───── RECORDS FOR THIS TASK

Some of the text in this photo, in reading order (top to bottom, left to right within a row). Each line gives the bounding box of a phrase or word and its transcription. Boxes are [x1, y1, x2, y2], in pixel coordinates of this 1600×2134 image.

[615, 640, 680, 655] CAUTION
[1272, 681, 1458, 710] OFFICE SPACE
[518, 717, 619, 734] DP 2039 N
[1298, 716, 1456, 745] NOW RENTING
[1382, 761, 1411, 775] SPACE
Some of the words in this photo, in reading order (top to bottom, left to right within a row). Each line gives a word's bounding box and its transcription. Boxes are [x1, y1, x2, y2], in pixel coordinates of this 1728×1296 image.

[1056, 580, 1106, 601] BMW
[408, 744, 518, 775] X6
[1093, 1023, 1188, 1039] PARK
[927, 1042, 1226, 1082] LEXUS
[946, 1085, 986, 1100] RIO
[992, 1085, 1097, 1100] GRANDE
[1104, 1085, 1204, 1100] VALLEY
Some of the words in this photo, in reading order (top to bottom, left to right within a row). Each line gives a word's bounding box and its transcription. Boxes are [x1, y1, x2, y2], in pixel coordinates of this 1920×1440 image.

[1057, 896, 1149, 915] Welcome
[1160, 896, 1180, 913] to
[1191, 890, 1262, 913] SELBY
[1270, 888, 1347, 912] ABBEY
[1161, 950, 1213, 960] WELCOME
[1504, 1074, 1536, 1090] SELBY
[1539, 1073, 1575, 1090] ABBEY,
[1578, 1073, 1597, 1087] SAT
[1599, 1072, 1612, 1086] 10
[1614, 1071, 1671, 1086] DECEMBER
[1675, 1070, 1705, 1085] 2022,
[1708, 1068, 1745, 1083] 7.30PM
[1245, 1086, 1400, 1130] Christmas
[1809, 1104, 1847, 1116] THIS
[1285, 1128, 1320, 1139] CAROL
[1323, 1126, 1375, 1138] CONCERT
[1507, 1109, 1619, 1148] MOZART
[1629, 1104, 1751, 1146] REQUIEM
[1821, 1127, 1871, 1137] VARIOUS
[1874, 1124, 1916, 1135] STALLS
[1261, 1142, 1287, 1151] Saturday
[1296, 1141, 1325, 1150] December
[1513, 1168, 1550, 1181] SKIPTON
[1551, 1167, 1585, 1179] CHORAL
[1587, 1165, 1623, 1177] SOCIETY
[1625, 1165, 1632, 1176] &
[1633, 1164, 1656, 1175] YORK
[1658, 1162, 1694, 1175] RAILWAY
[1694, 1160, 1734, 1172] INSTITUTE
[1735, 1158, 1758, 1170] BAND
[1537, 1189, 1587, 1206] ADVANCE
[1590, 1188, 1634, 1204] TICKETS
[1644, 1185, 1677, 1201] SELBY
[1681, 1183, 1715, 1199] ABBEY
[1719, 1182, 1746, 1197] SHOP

──────────

### INSTRUCTIONS FOR THE TASK
Each entry above should be written again exactly.

### WRITTEN SOLUTION
Some of the text in this photo, in reading order (top to bottom, left to right within a row). Each line gives the bounding box of a phrase or word and its transcription. Boxes are [x1, y1, x2, y2], in pixel coordinates of this 1600×2134 image.

[615, 640, 680, 655] CAUTION
[1272, 681, 1458, 710] OFFICE SPACE
[518, 717, 619, 734] DP 2039 N
[1298, 716, 1456, 745] NOW RENTING
[1382, 761, 1411, 775] SPACE
Some of the words in this photo, in reading order (top to bottom, left to right within a row). Each line gives a word's bounding box and its transcription. Boxes are [x1, y1, x2, y2], in pixel coordinates of this 1728×1296 image.

[1056, 580, 1106, 601] BMW
[408, 744, 518, 775] X6
[1093, 1023, 1188, 1039] PARK
[927, 1042, 1226, 1082] LEXUS
[946, 1085, 986, 1100] RIO
[992, 1085, 1097, 1100] GRANDE
[1104, 1085, 1204, 1100] VALLEY
Some of the words in this photo, in reading order (top to bottom, left to right within a row). Each line gives a word's bounding box and its transcription. Boxes are [x1, y1, x2, y2], in pixel coordinates of this 1920×1440 image.

[1057, 896, 1149, 915] Welcome
[1160, 896, 1180, 913] to
[1191, 890, 1262, 913] SELBY
[1270, 888, 1347, 912] ABBEY
[1161, 950, 1213, 960] WELCOME
[1504, 1074, 1536, 1090] SELBY
[1539, 1073, 1575, 1090] ABBEY,
[1578, 1073, 1597, 1087] SAT
[1599, 1072, 1612, 1086] 10
[1614, 1071, 1671, 1086] DECEMBER
[1675, 1070, 1705, 1085] 2022,
[1708, 1068, 1745, 1083] 7.30PM
[1245, 1086, 1400, 1130] Christmas
[1809, 1104, 1847, 1116] THIS
[1285, 1128, 1320, 1139] CAROL
[1323, 1126, 1375, 1138] CONCERT
[1507, 1109, 1619, 1148] MOZART
[1629, 1104, 1751, 1146] REQUIEM
[1821, 1127, 1871, 1137] VARIOUS
[1874, 1124, 1916, 1135] STALLS
[1261, 1142, 1287, 1151] Saturday
[1296, 1141, 1325, 1150] December
[1513, 1168, 1550, 1181] SKIPTON
[1551, 1167, 1585, 1179] CHORAL
[1587, 1165, 1623, 1177] SOCIETY
[1625, 1165, 1632, 1176] &
[1633, 1164, 1656, 1175] YORK
[1658, 1162, 1694, 1175] RAILWAY
[1694, 1160, 1734, 1172] INSTITUTE
[1735, 1158, 1758, 1170] BAND
[1537, 1189, 1587, 1206] ADVANCE
[1590, 1188, 1634, 1204] TICKETS
[1644, 1185, 1677, 1201] SELBY
[1681, 1183, 1715, 1199] ABBEY
[1719, 1182, 1746, 1197] SHOP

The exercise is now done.